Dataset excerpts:
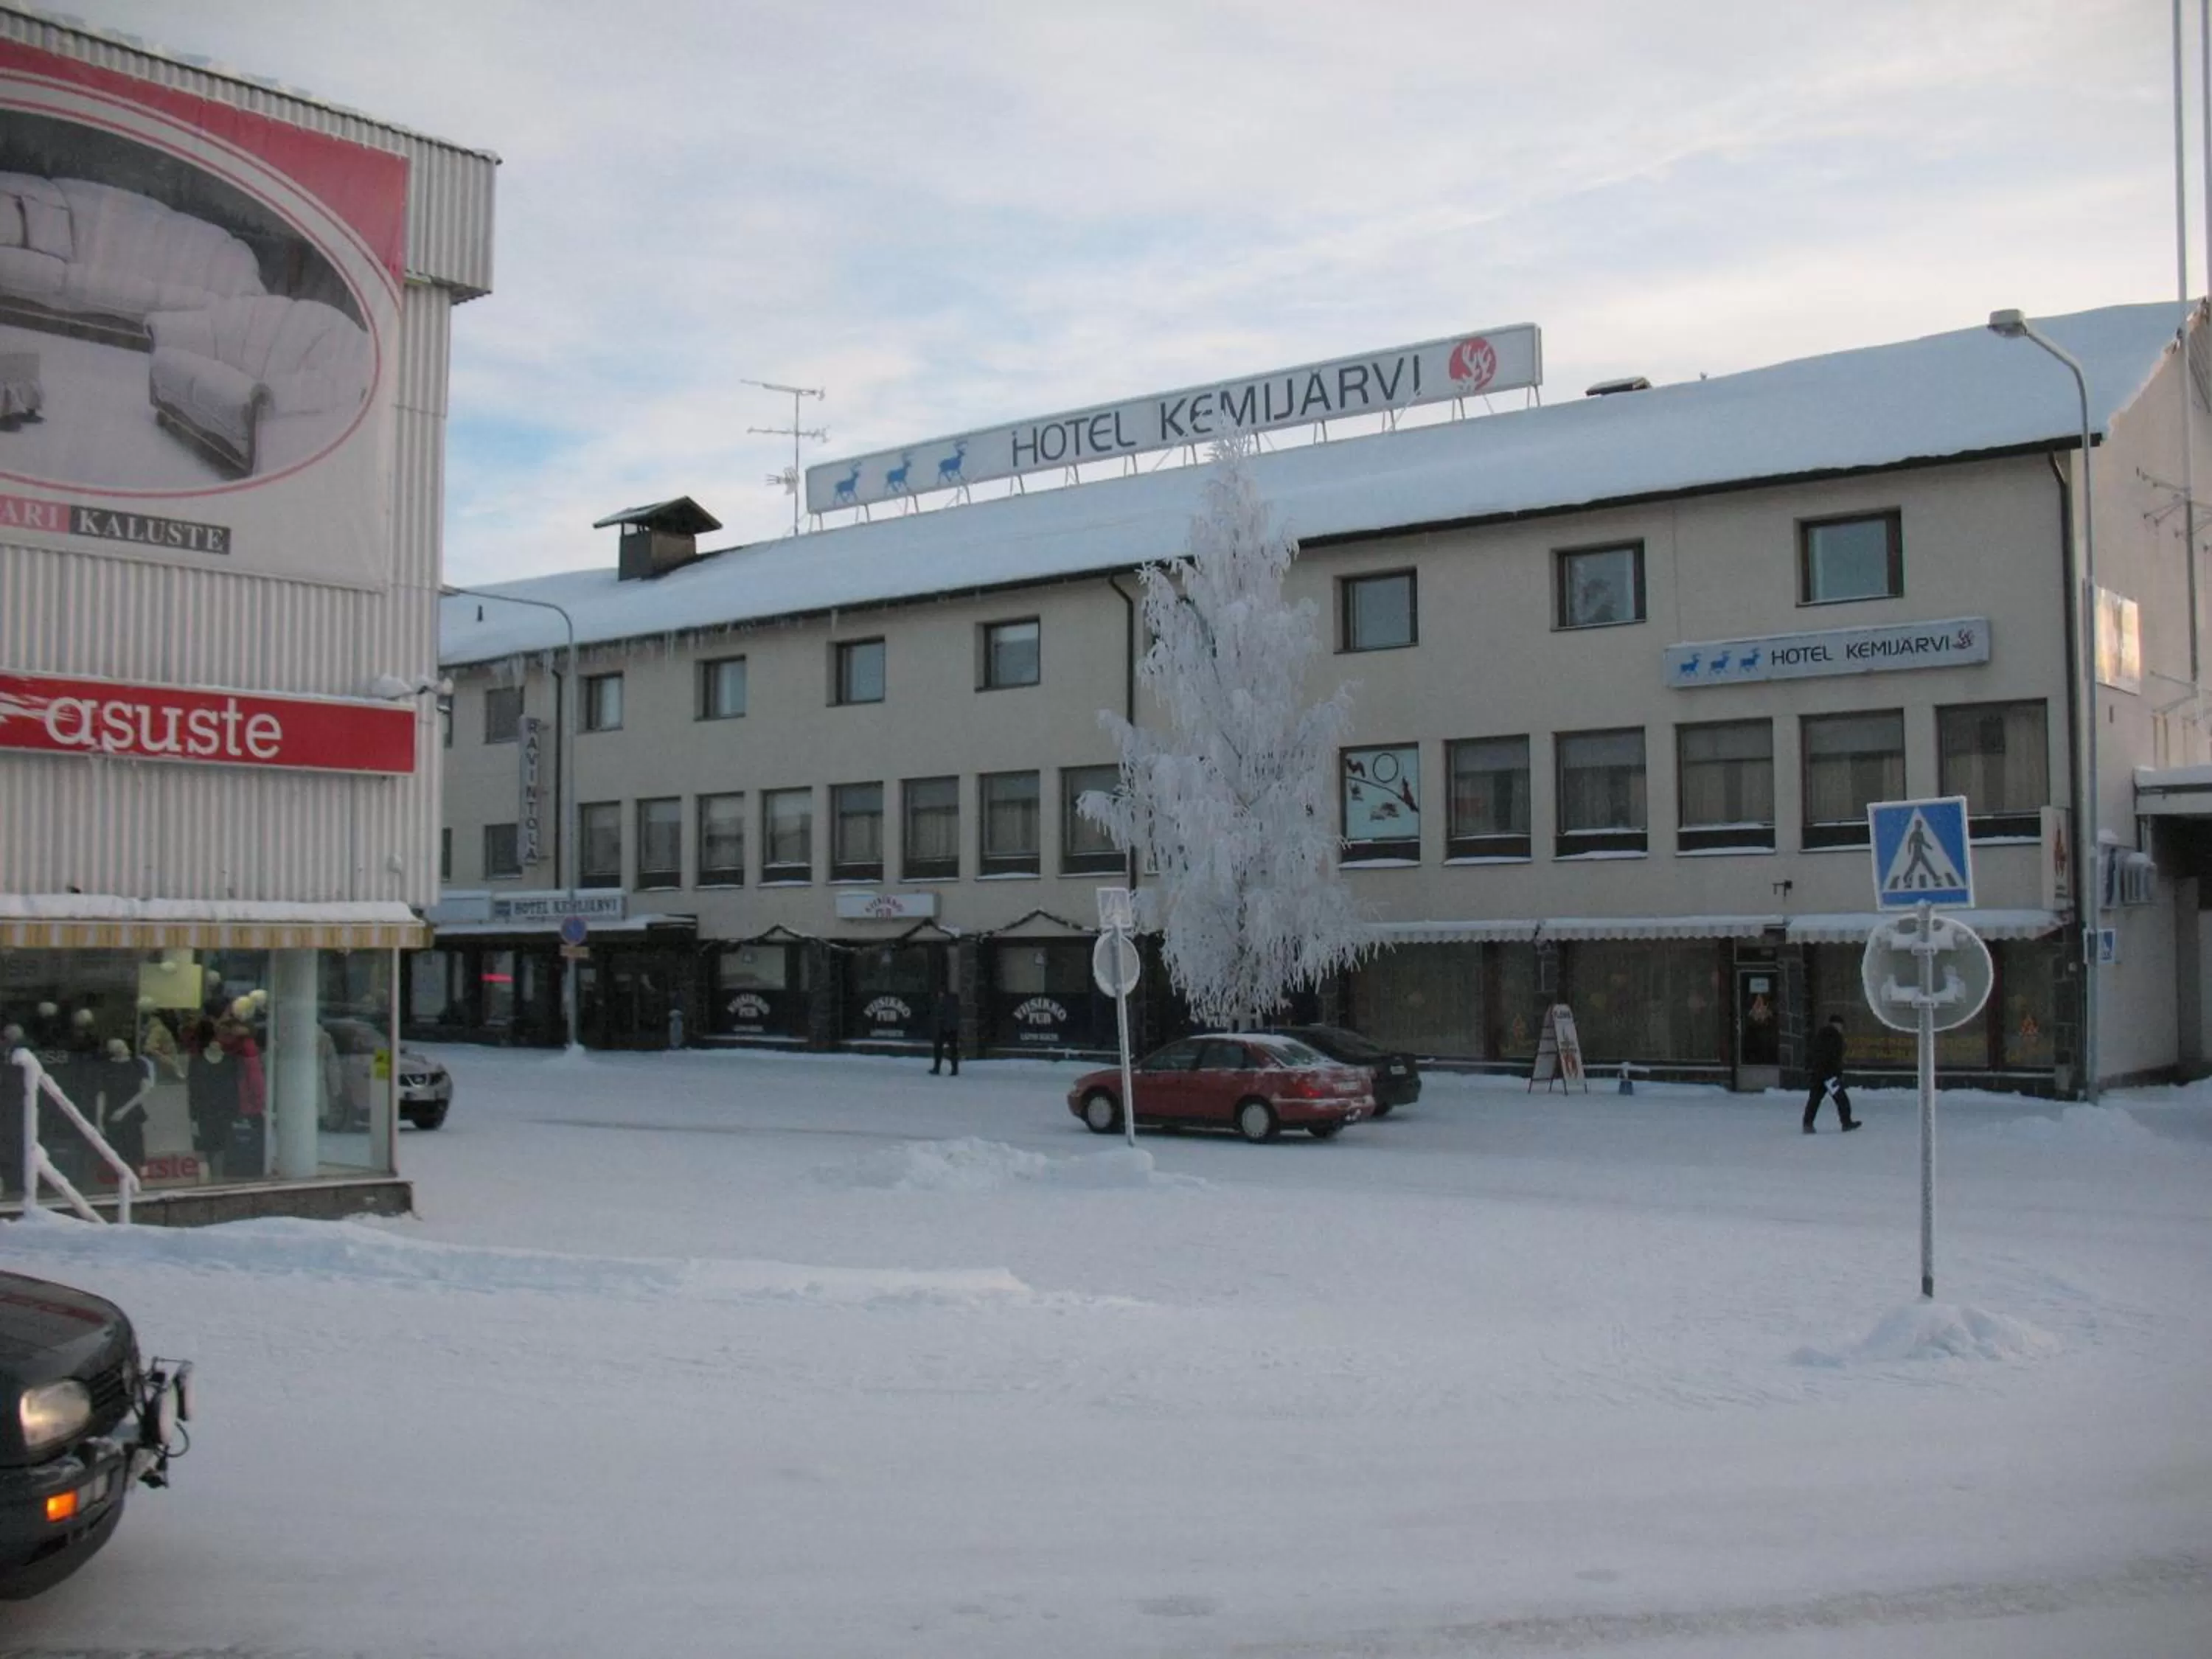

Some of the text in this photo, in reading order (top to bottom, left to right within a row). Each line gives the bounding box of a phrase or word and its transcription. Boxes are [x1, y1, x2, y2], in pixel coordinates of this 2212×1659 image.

[1011, 410, 1138, 468] HOTEL
[77, 508, 226, 552] KALUSTE
[1771, 645, 1834, 666] HOTEL
[45, 696, 283, 759] asuste

PROBLEM DETAILS:
Because only the text is wanted, repeat all the entries exactly and leave out the pictures.

ANSWER TO THE EXERCISE:
Some of the text in this photo, in reading order (top to bottom, left to right within a row). Each line gives the bounding box of a phrase or word and its transcription. Boxes are [x1, y1, x2, y2], in pixel coordinates of this 2212×1659 image.

[1011, 410, 1138, 468] HOTEL
[77, 508, 226, 552] KALUSTE
[1771, 645, 1834, 666] HOTEL
[45, 696, 283, 759] asuste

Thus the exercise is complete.